La Falla de San Andrés continúa bajo constante monitoreo científico debido a la intensa actividad tectónica que caracteriza a esta región y al potencial que tiene para generar terremotos de gran magnitud.
Esta enorme fractura geológica atraviesa California y se extiende hasta Baja California, en México, por lo que representa una de las estructuras sísmicas más importantes de la costa oeste de América del Norte. Su comportamiento preocupa especialmente por la gran cantidad de personas que viven en las regiones cercanas a su recorrido.
Dos gigantescas placas tectónicas se deslizan junto a la Falla de San Andrés
La Falla de San Andrés marca el límite entre la placa del Pacífico y la placa Norteamericana, dos enormes bloques de la corteza terrestre que se desplazan lentamente uno respecto del otro. Este movimiento ocurre a una velocidad aproximada de 5 centímetros por año, un ritmo que suele compararse con el crecimiento de las uñas humanas.
Sin embargo, el desplazamiento no ocurre de manera completamente uniforme. Algunos segmentos de la falla permanecen prácticamente bloqueados mientras las placas continúan ejerciendo presión, provocando que se acumule tensión en las rocas.
Cuando esa tensión supera la resistencia y fricción que mantienen unidas las rocas, puede producirse una ruptura repentina y liberar una gran cantidad de energía en forma de terremoto.

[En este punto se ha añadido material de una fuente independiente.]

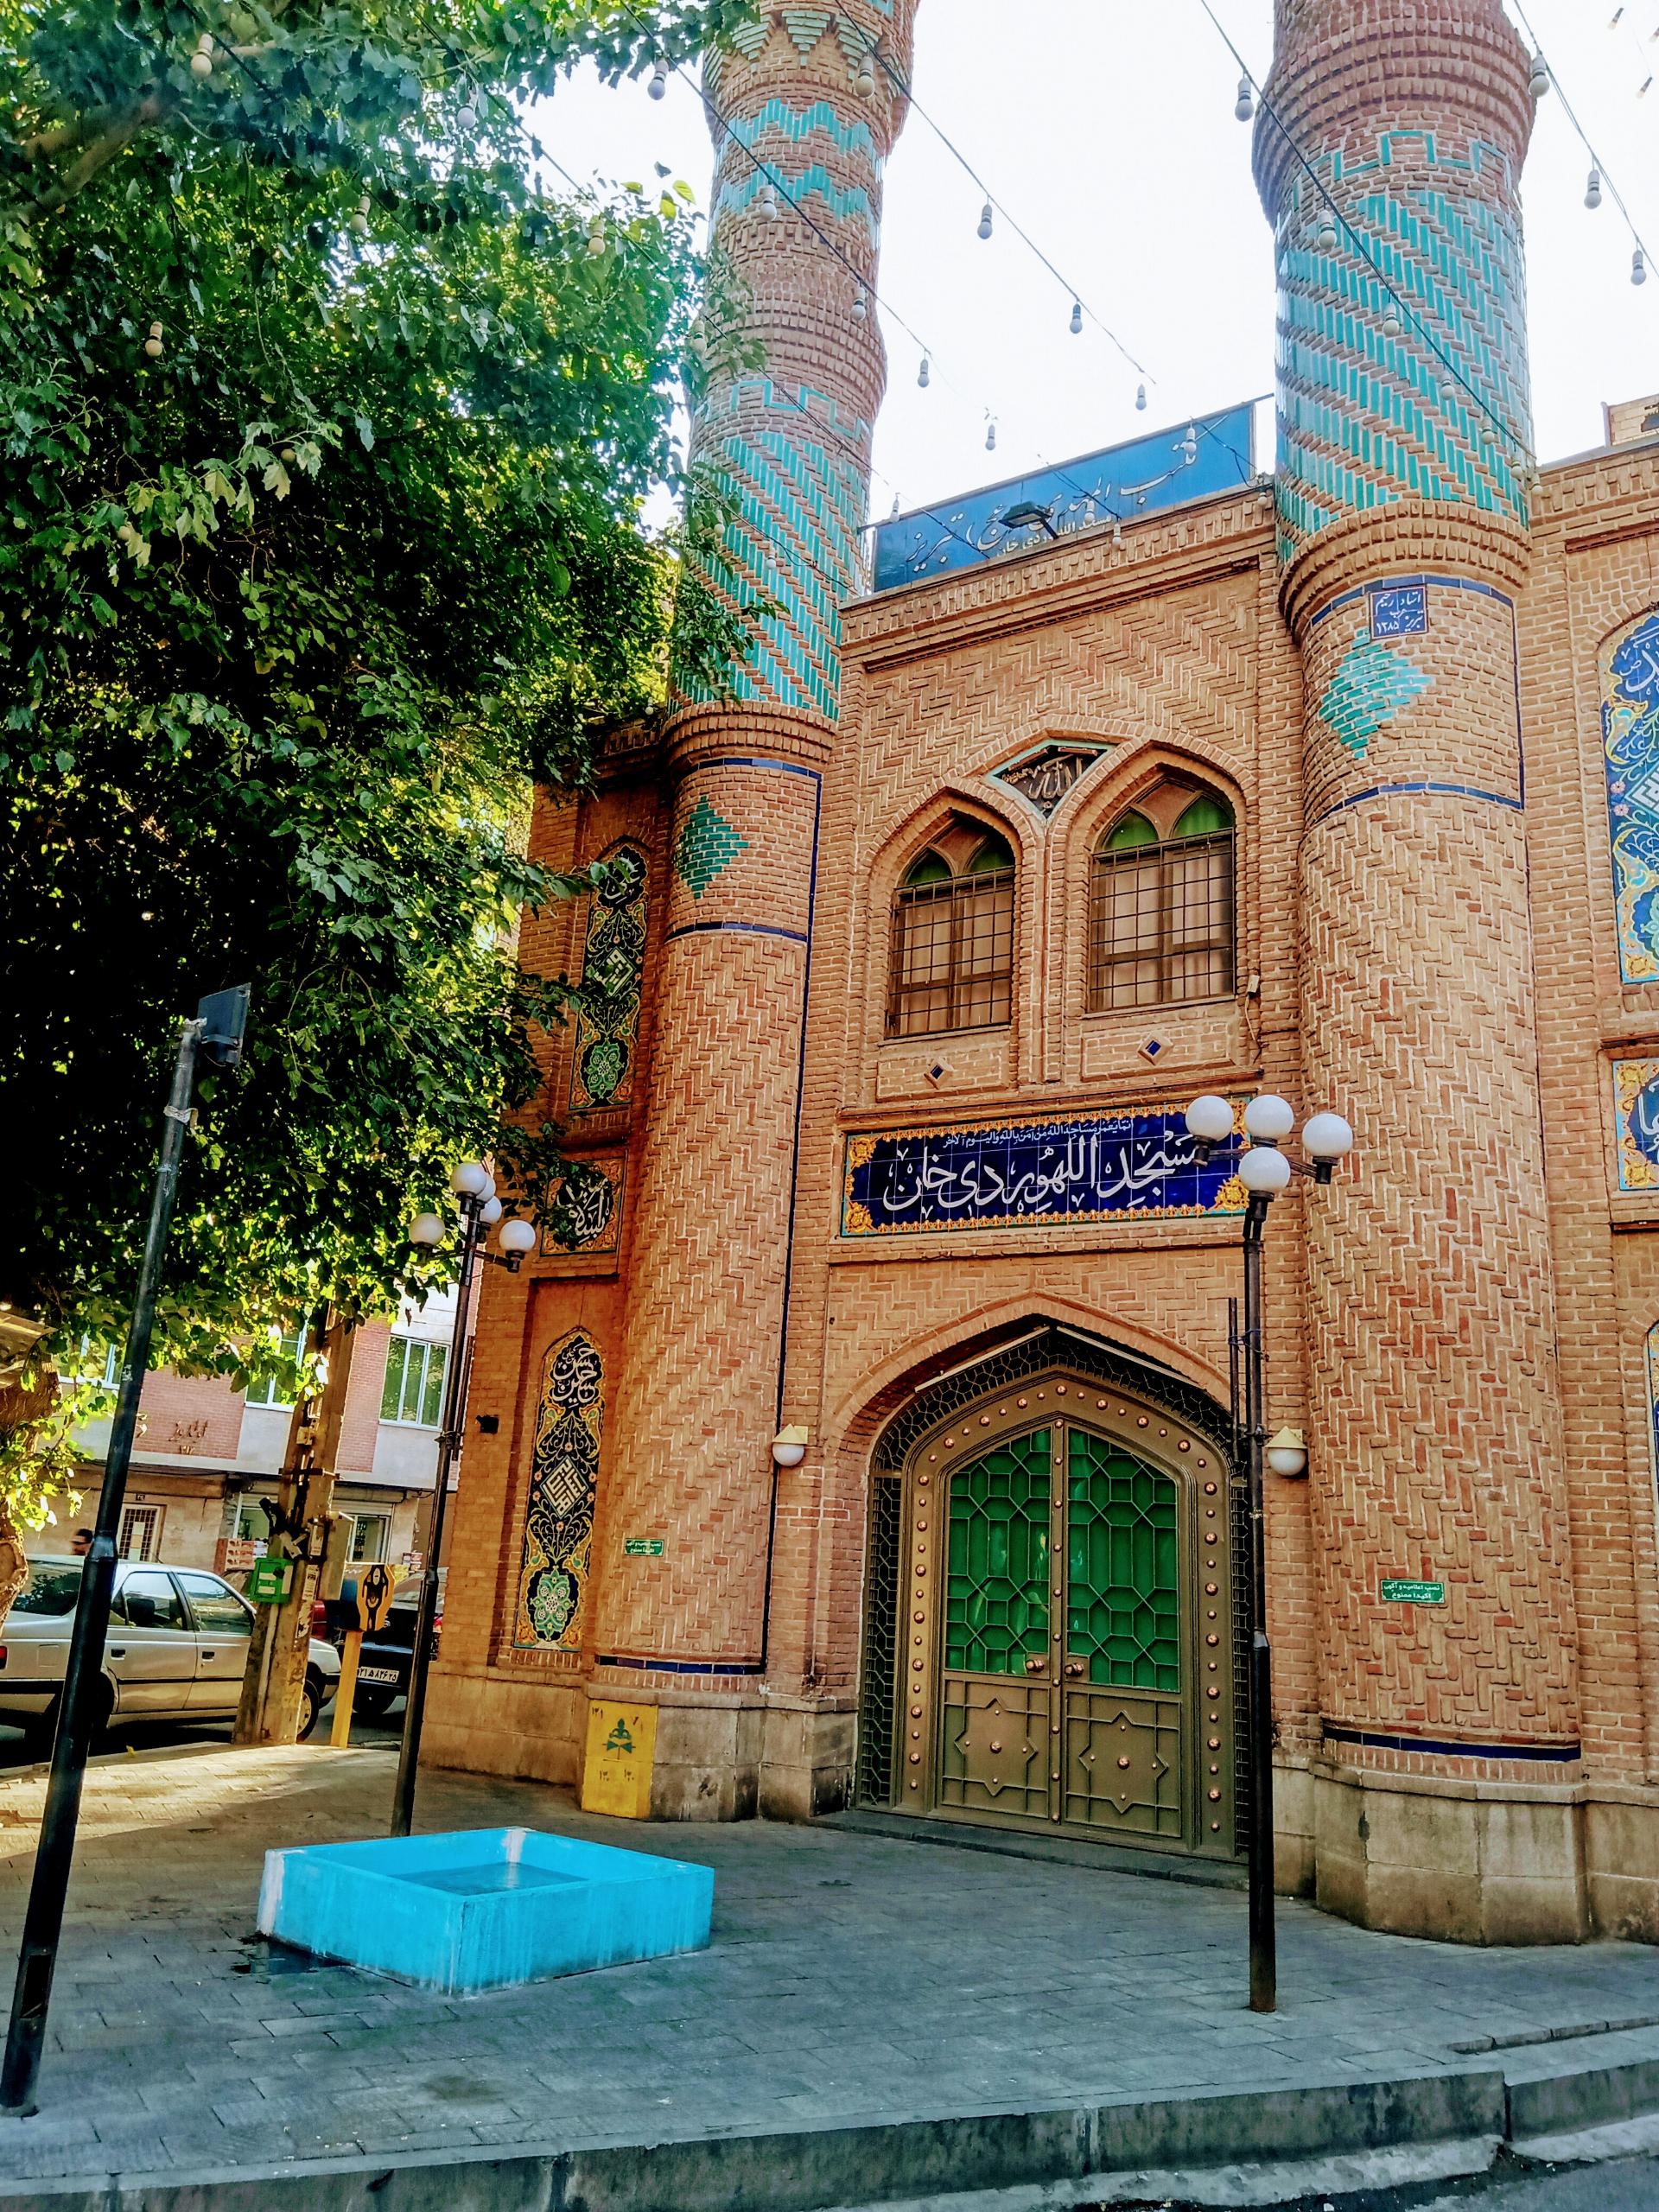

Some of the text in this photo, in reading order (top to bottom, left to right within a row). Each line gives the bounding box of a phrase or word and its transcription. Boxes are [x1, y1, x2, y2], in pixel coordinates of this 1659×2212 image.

[906, 512, 964, 572] تبریز
[1375, 590, 1421, 616] استاد رحیم
[1404, 610, 1424, 632] تبریز
[882, 1147, 958, 1213] خان
[1096, 1130, 1201, 1208] سجد
[1383, 1581, 1398, 1592] آگهی

La Falla de San Andrés puede producir terremotos de gran magnitud
Una de las principales razones por las que la falla es estudiada constantemente es su capacidad para generar sismos de gran magnitud. Una investigación del Servicio Geológico de Estados Unidos (USGS) publicada en junio de 2026 analizó la acumulación de esfuerzos tectónicos alrededor de Cajon Pass, una zona considerada crítica dentro del sistema de fallas del sur de California.

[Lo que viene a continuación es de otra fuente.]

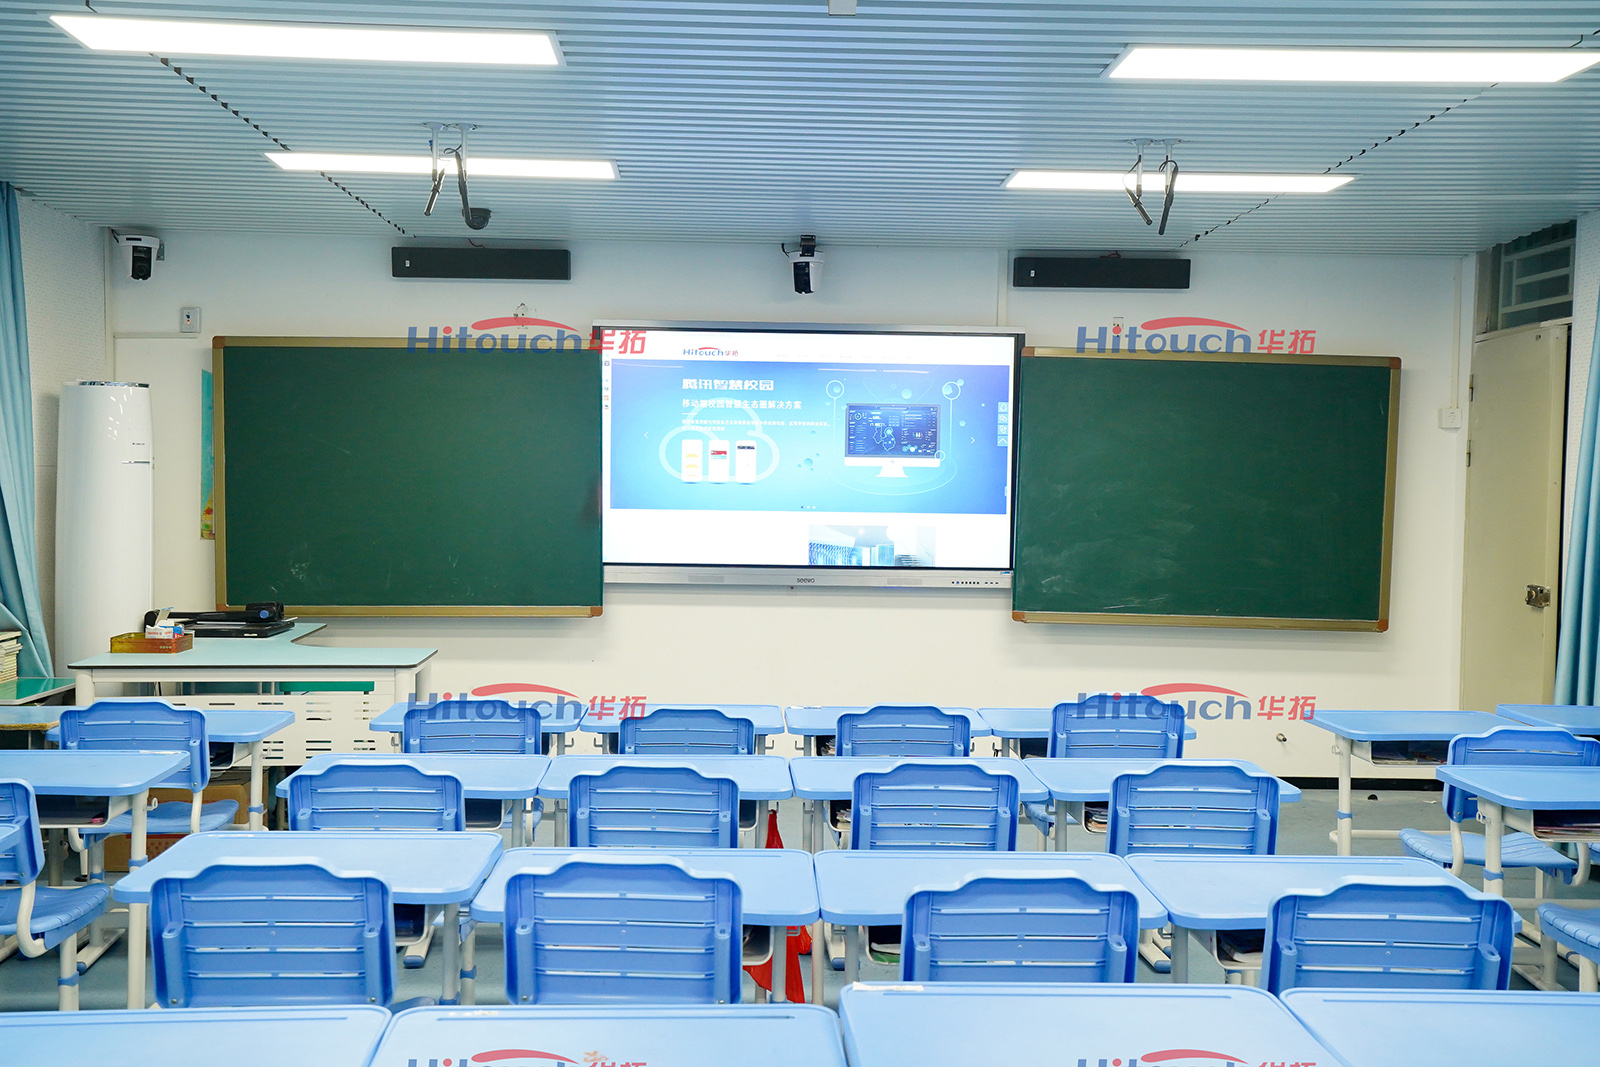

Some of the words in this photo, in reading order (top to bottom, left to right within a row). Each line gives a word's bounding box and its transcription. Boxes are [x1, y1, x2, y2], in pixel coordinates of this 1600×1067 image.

El estudio señaló que en esta región se ha registrado una acumulación de tensión que alcanza niveles excepcionalmente altos al compararla con el registro de aproximadamente mil años.
Los modelos científicos también detectaron una acumulación particularmente elevada hacia el norte de esta zona, lo que mantiene el interés de los investigadores por comprender cómo podría comportarse una futura ruptura y cómo podría propagarse entre diferentes segmentos del sistema de fallas.
Esto no significa que exista una fecha prevista para un gran terremoto, ya que actualmente la ciencia no puede determinar con precisión cuándo ocurrirá un sismo de esta naturaleza.
La Falla de San Andrés mide más de mil kilómetros
Otro de los datos que explica la importancia de esta estructura es su enorme extensión. La Falla de San Andrés tiene aproximadamente entre mil 200 y mil 300 kilómetros de longitud y atraviesa California, en Estados Unidos, y Baja California, en México.
A lo largo de su recorrido funciona como una frontera geológica entre las placas del Pacífico y Norteamericana. El movimiento lateral constante entre ambas genera esfuerzos tectónicos que, en determinadas condiciones, pueden liberarse mediante terremotos.